Refolding Record:
| Protein | |
|---|---|
| Protein Name | Brazzein |
| Abbreviated Name | Brazzein |
| SCOP Family | Plant defensins |
| Structure Notes | |
| Organism | Pentadiplandra brazzeana |
| UniProt Accession | P56552 |
| SCOP Unique ID | n/a |
| Structure Solved | |
| Class | Small Proteins |
| Molecularity | Monomer |
| Construct | |
|---|---|
| Full Length | n |
| Domain | n/a |
| Chimera | n/a |
| Variants | n/a |
| Chain Length | 203 |
| Molecular Weight | 23063.2 |
| Pi | 8.9295 |
| Molecular Weight | 23063.2 |
| Disulphides | 4 |
| Full Sequence |
ATSTKKLH KEPATLIKAI DGDTVKLAYK GQPATFRLLL
VDTPETKHPK KGVEKYGPEA SAFTKKAVEN AKKIEVEFDK GQRTDKYGRG LAYIYADGKA VNEALVRQGL AKVAYVYKPN NTHEQHLRKS EAQAKKEKLN IWSEDNADSG H MDKCKKVYEN YPVSKCQLAN QCNYDCKLDK HARSGECFYD EKRNLQCICD
YCEY
|
| Notes | Fusion partner: staphylococcal nuclease UniProt: NUC_STAAU, mature protein with Met residues mutated to Ala Brazzein sequence lacks N-terminal Glu residue |
| Expression | |
|---|---|
| Report | Assadi-Porter FM, Aceti DJ, Cheng H, Markley JL (2000) Archives Biochemistry and Biophysics, 376, 252-258 |
| Project Aim | Recombinant Protein Expression |
| Fusion | N-terminal staphylococcal nuclease |
| Protein Expression and Production | Protein recombinantly expressed as and refolded from inclusion bodies. |
| Expression Host | Escherichia coli |
| Expression Strain | BL21(DE3) |
| Expression Temp | 37.0 |
| Expression Time | 3h |
| Expression Vector | pET3a |
| Expression Protocol | 1L LB medium containing 34microg/ml chloramphenicol and 100microg/ml ampicillin was inoculated with 5ml overnight culture.
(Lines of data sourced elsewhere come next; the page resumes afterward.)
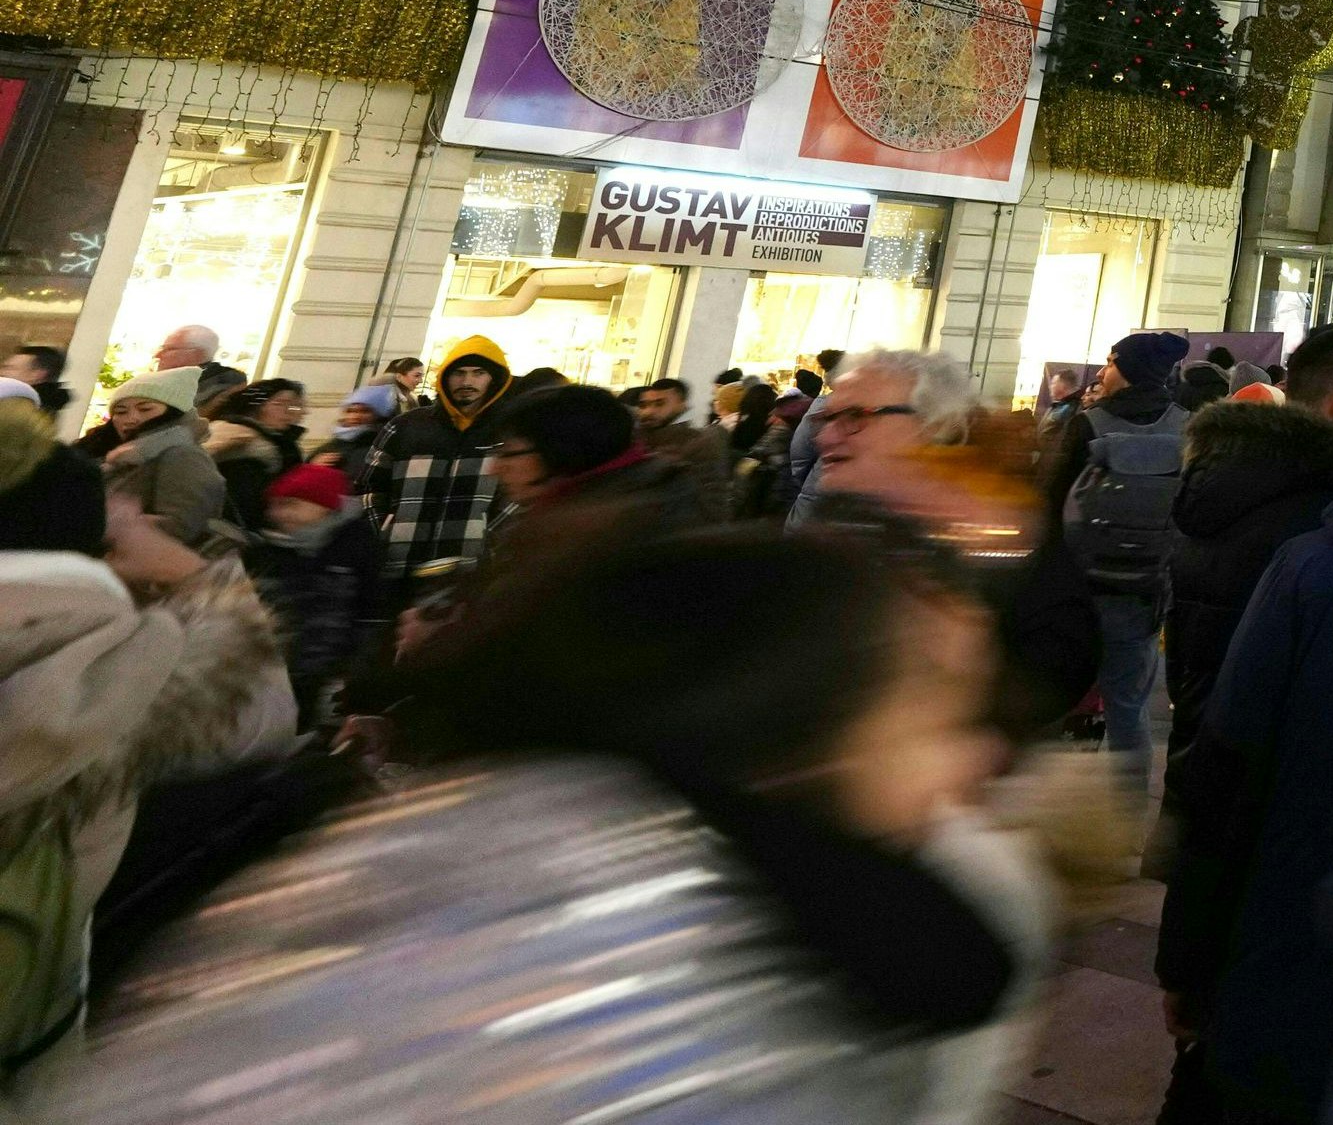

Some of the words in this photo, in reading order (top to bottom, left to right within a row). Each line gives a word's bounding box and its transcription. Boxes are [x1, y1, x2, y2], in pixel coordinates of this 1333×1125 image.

[600, 180, 754, 221] GUSTAV
[760, 195, 851, 218] INSPIRATIONS
[757, 212, 864, 233] REPRODUCTIONS
[590, 213, 749, 257] KLIMT
[754, 229, 820, 245] ANTIQUES
[751, 245, 823, 263] EXHIBITION
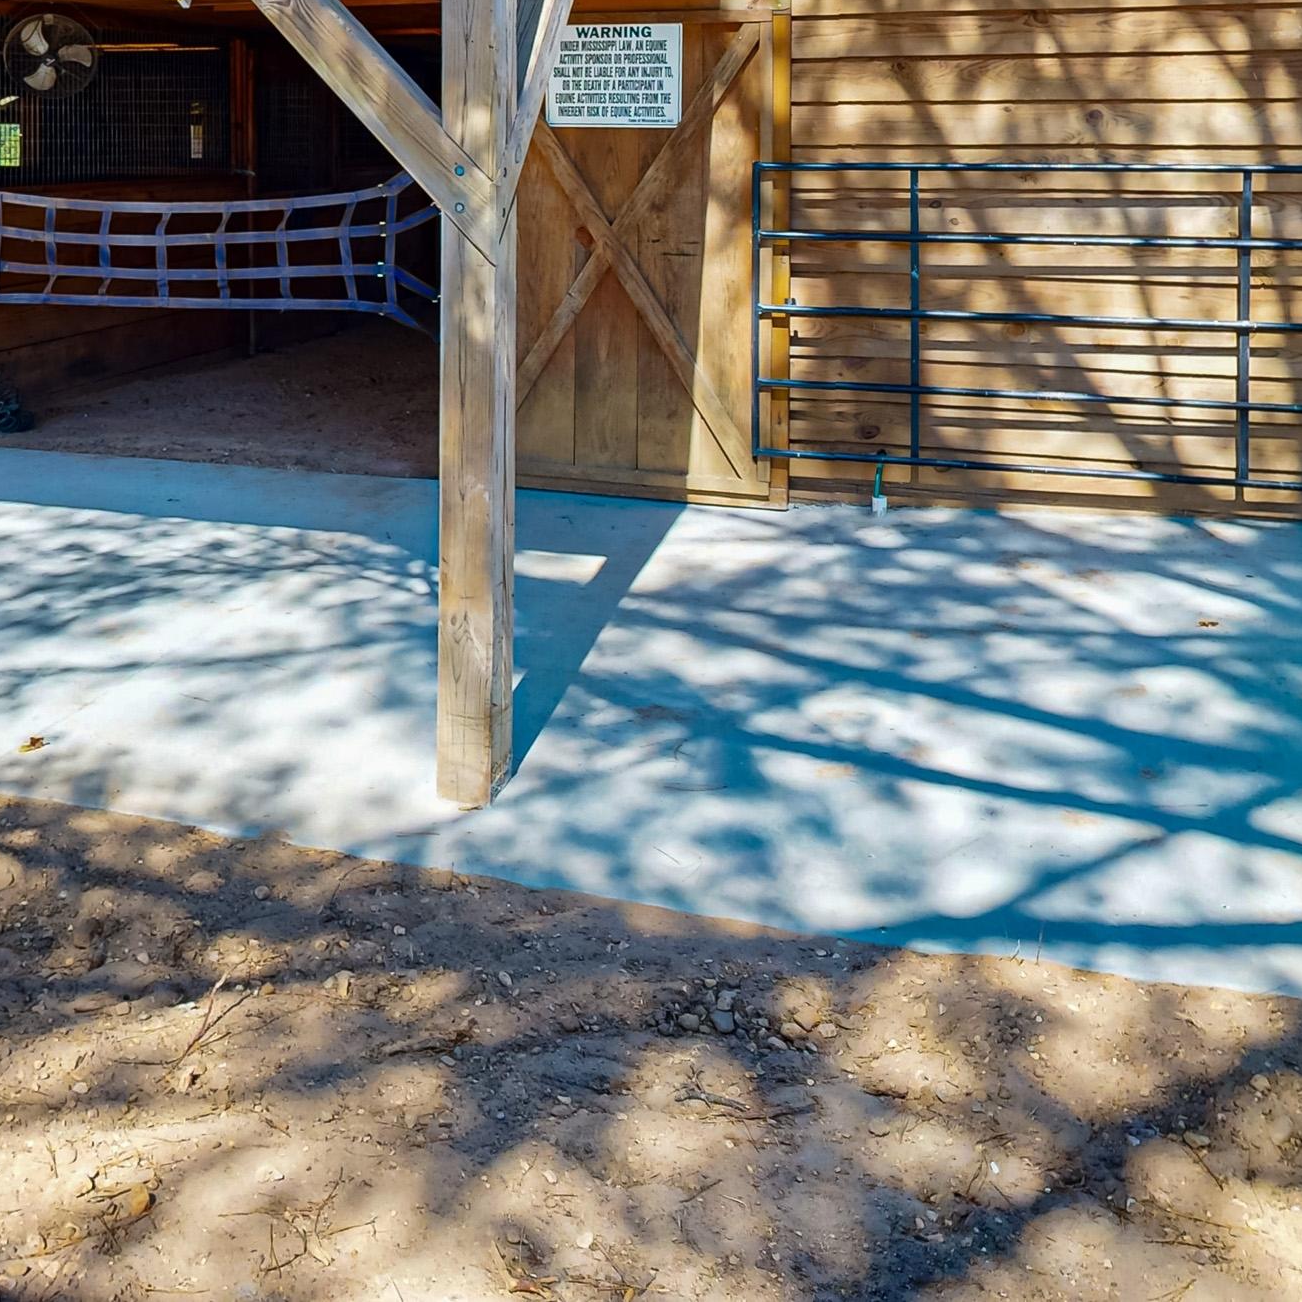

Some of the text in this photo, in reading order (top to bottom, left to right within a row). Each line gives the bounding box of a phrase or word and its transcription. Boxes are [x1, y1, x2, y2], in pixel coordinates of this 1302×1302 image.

[576, 27, 652, 38] WARNING
[560, 40, 579, 51] UNDER
[582, 40, 617, 51] MISSISSIPPI
[635, 40, 643, 51] AN
[646, 40, 667, 52] EQUINE
[560, 53, 667, 64] ACTIVITY SPONSOR OR PROFESSIONAL
[553, 67, 673, 78] SHALL NOT BE LIABLE FOR ANY INJURY TO,
[563, 80, 664, 90] OR THE DEATH OF A PARTICIPANT IN
[556, 93, 671, 104] EQUINE ACTIVITIES RESULTING FROM THE
[558, 106, 585, 117] INHERENT
[587, 106, 600, 117] RISK
[602, 106, 609, 117] OF
[611, 106, 632, 118] EQUINE
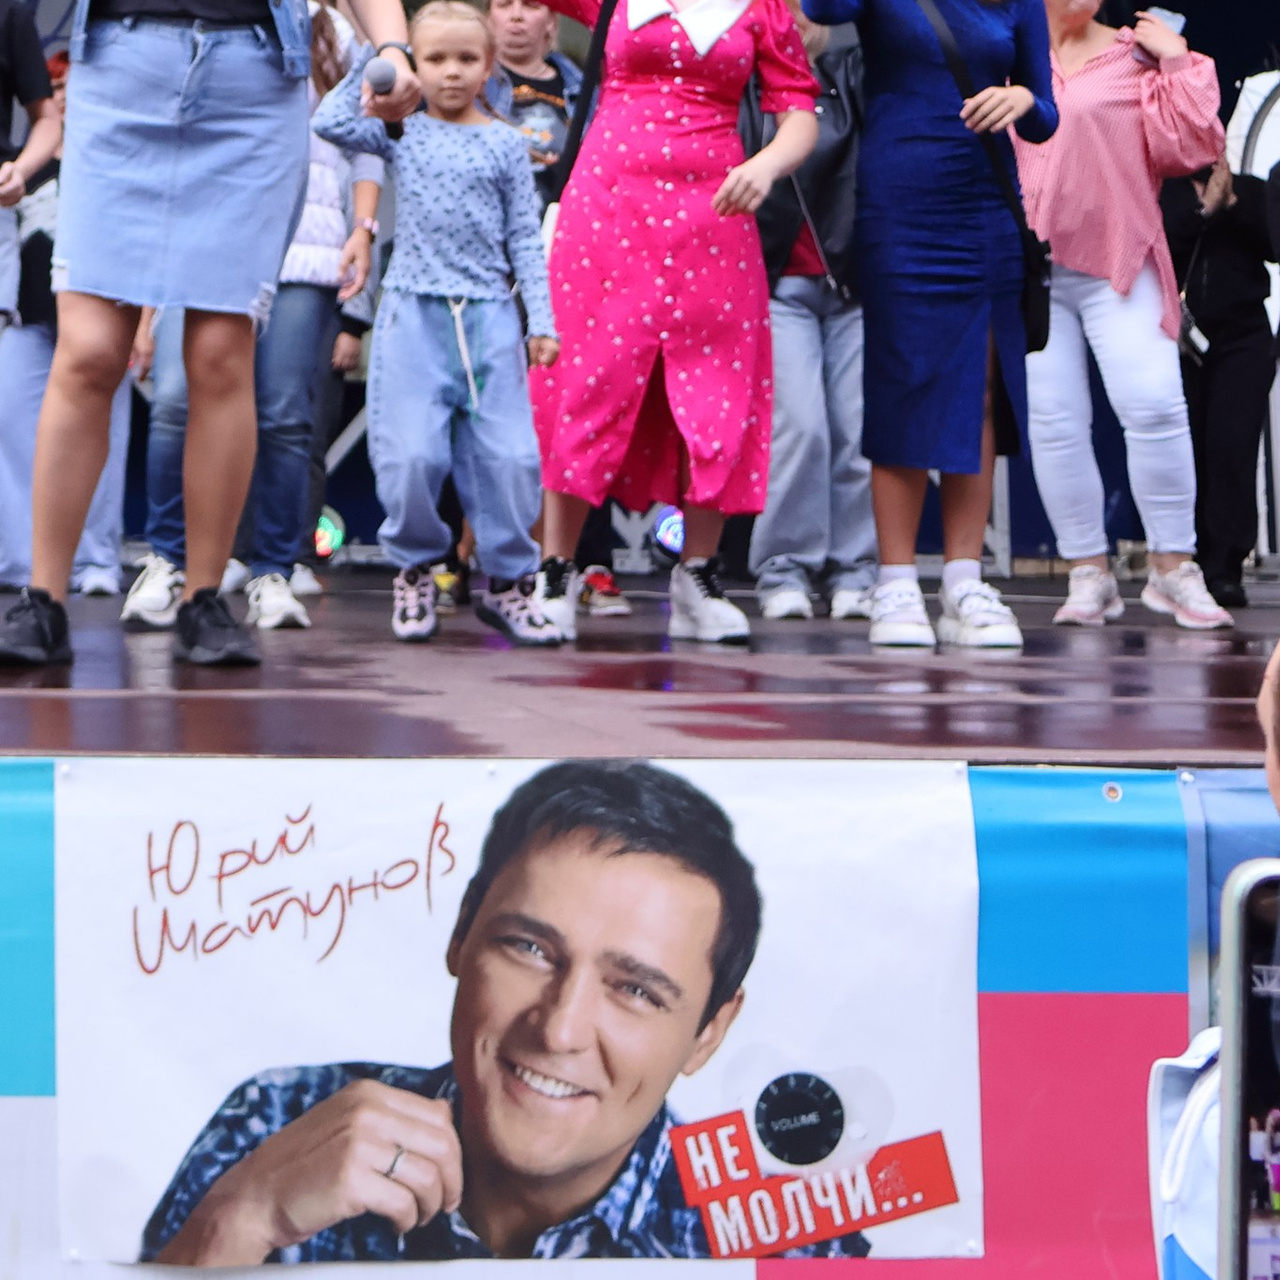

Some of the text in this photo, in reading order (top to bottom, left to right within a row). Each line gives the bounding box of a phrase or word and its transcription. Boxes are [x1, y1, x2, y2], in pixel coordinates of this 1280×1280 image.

[132, 802, 456, 975] Шатунов
[147, 802, 315, 911] Юрий
[685, 1123, 751, 1191] НЕ
[770, 1111, 821, 1132] VOLUME
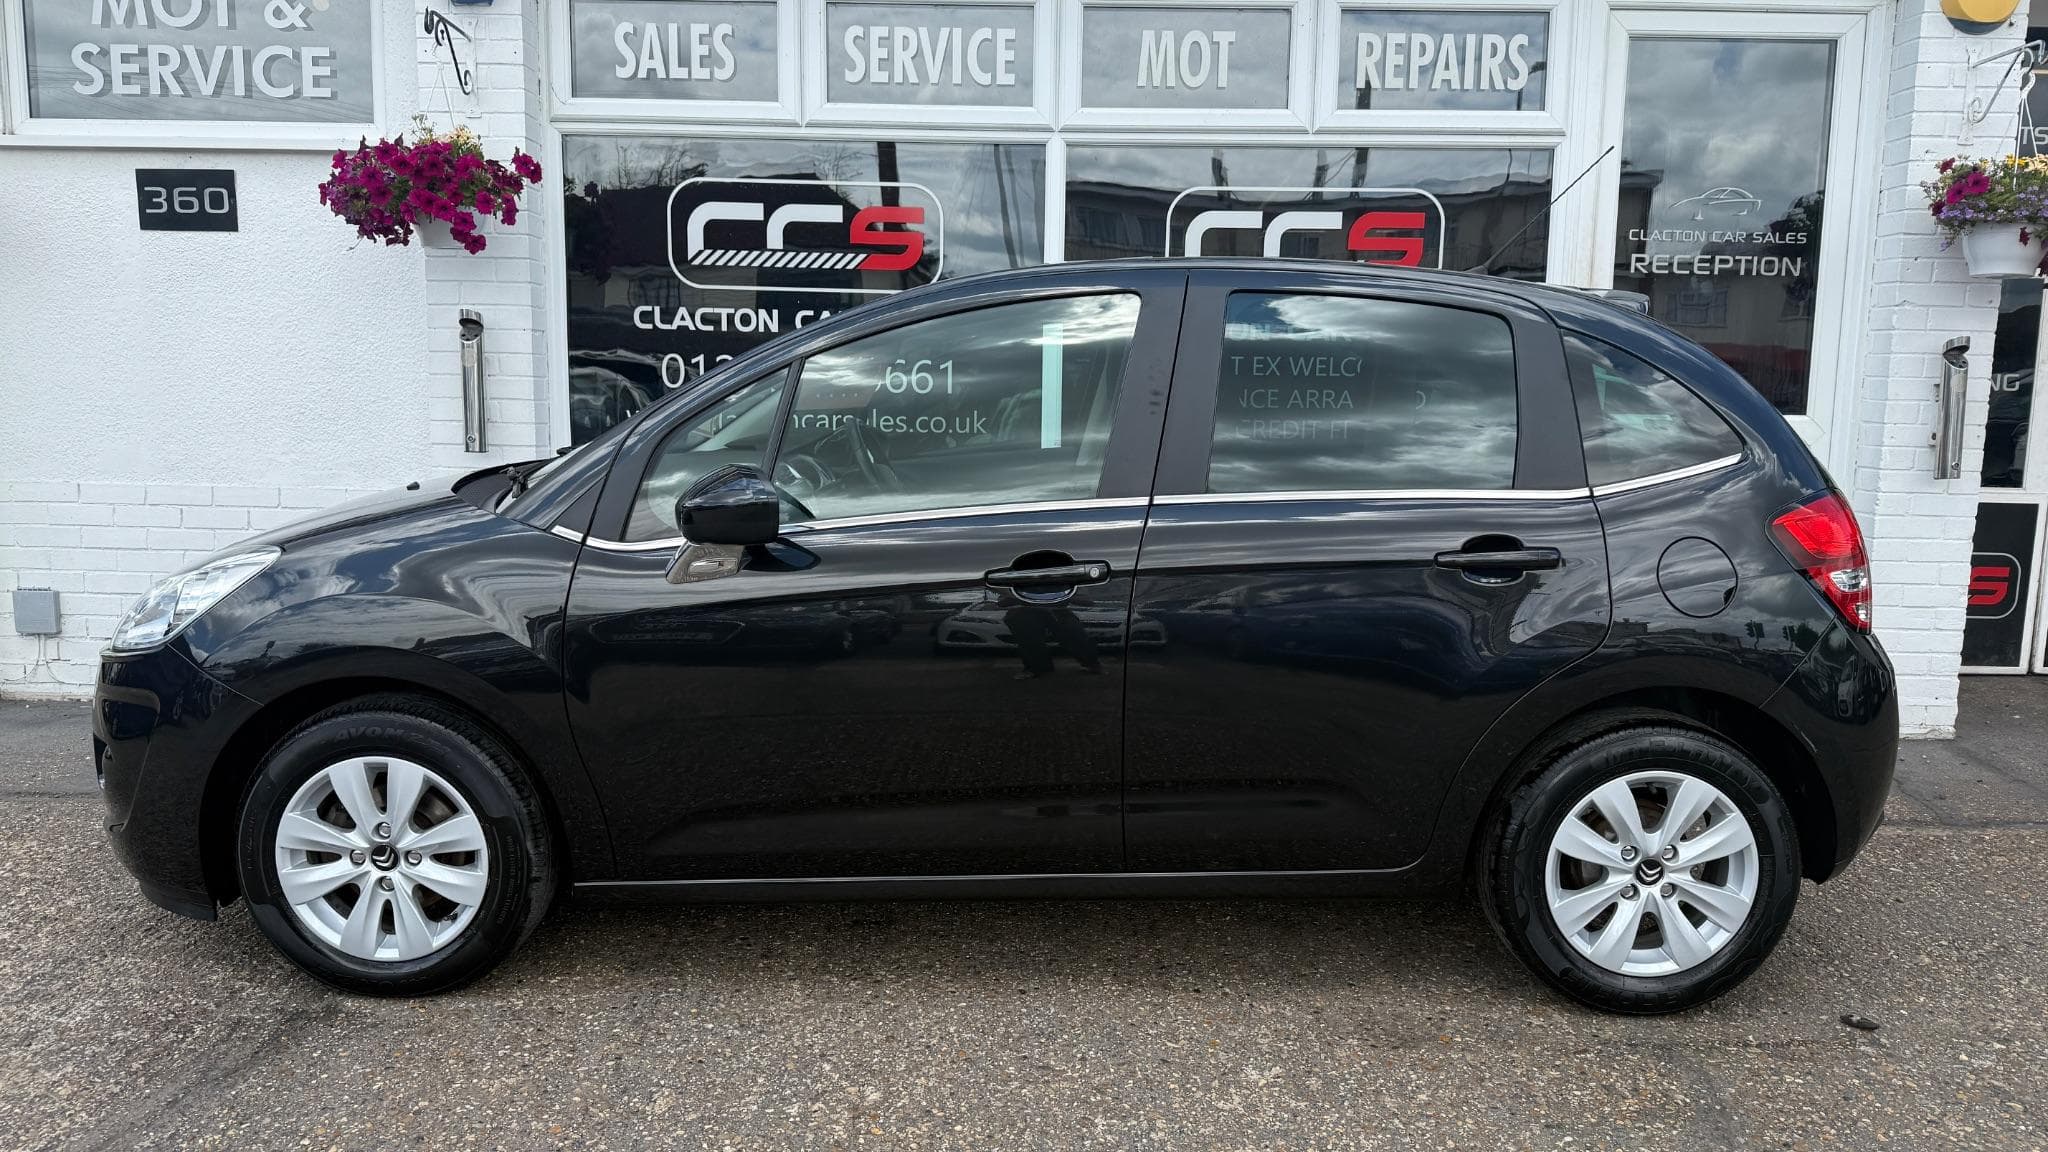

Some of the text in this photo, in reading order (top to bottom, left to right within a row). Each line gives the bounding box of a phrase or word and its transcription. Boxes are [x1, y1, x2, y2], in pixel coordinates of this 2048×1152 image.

[264, 0, 307, 29] &
[614, 21, 735, 80] SALES
[844, 25, 1016, 86] SERVICE
[1137, 29, 1236, 88] MOT
[1356, 32, 1529, 91] REPAIRS
[71, 42, 332, 98] SERVICE
[144, 186, 230, 214] 360
[687, 201, 925, 271] CCS
[1629, 228, 1808, 245] CLACTON CAR SALES
[1630, 253, 1802, 277] RECEPTION
[633, 305, 779, 333] CLACTON
[661, 353, 734, 389] 01
[1253, 356, 1282, 376] EX
The cells were grown at 37degC until A600 reached 0.8-1.0, at which time expression was induced with 0.1mM IPTG. Cells were grown a further 3h, then harvested and stored at -70degC. |
| Method of Induction | IPTG |
| Cell Density at Induction | OD 600 = 0.8-1.0 |
| Cell Disruption Method | Freeze/Thaw+French Press |
| Lytic Agent | None |
| Pre-Refolding Purification | Washing inclusion body |
| Solubility | partial |
| Refolding | |
|---|---|
| Refolding Method | Dialysis |
| Wash Buffer | 50mM TrisHCl pH 8.0, 2mM EDTA |
| Solubilization Buffer | 6M GdmCl, 10mM EDTA, 100mM DTT |
| Refolding Buffer | acetic acid pH 3.8-4.0 |
| Pre-Refolding Purification | Washing inclusion body |
| Tag Cleaved | yes |
| Refolding pH | 3.9 |
| Refolding Temperature | 4.0 |
| Protein Concentration | n/a |
| Refolding Time | 36-48h |
| Redox Agent | None |
| Redox Agent Concentration | n/a,n/a |
| Refolding Protocol | Cells were freeze/thawed once, then 4-5g cells was resuspended in 50ml of 50mM TrisHCl pH 8.0, 2mM EDTA, 10mM PMSF. The cells were treated with 10mM CaCl2 for 15min and passed through a French press three times. The cells were then centrifuged (15min, 12000g). The cell pellet was washed three times with 9 volumes of wash buffer, the second wash also containing 0.5% (v/v) Triton X-100 and 100mM NaCl. In each wash, the slurry was stirred gently for 5min and then centrifuged (12000g, 10min, 4degC). The final pellet was resuspended in 50ml solubilization buffer and stirred for 2-3h at room temperature. The solution was the dialyzed overnight at 4degC against 4L deionized water containing 3.5ml acetic acid (pH 3.8-4.0). The precipitate was removed by centrifugation (12000g). The supernatant was diazlyed three more times against dH2O and acetic acid for 36-48h. For oxidation of sulfhydryl groups, the dialysate was then diluted with 4-5 volumes of 200mM Tris-acetic acid pH 8.0 to a final concentration of 0.3-0.7mg/ml and this solution was stirred at room temperature for 24h. The solution was then concentrated to a final volume of 20-50ml, then dialyzed against 10L of 0.3M NaCl and twice against 10L of dH2O, the protein was then lyophilized. |
| Refolding Assay | 1H chemical shift (ppm),SDS-PAGE |
| Refolding Chaperones | None |
| Refolding Additives | None |
| Additives Concentration | n/a |
| Refolding Yield | 60-70% |
| Purity | 80% |
| Notes | n/a |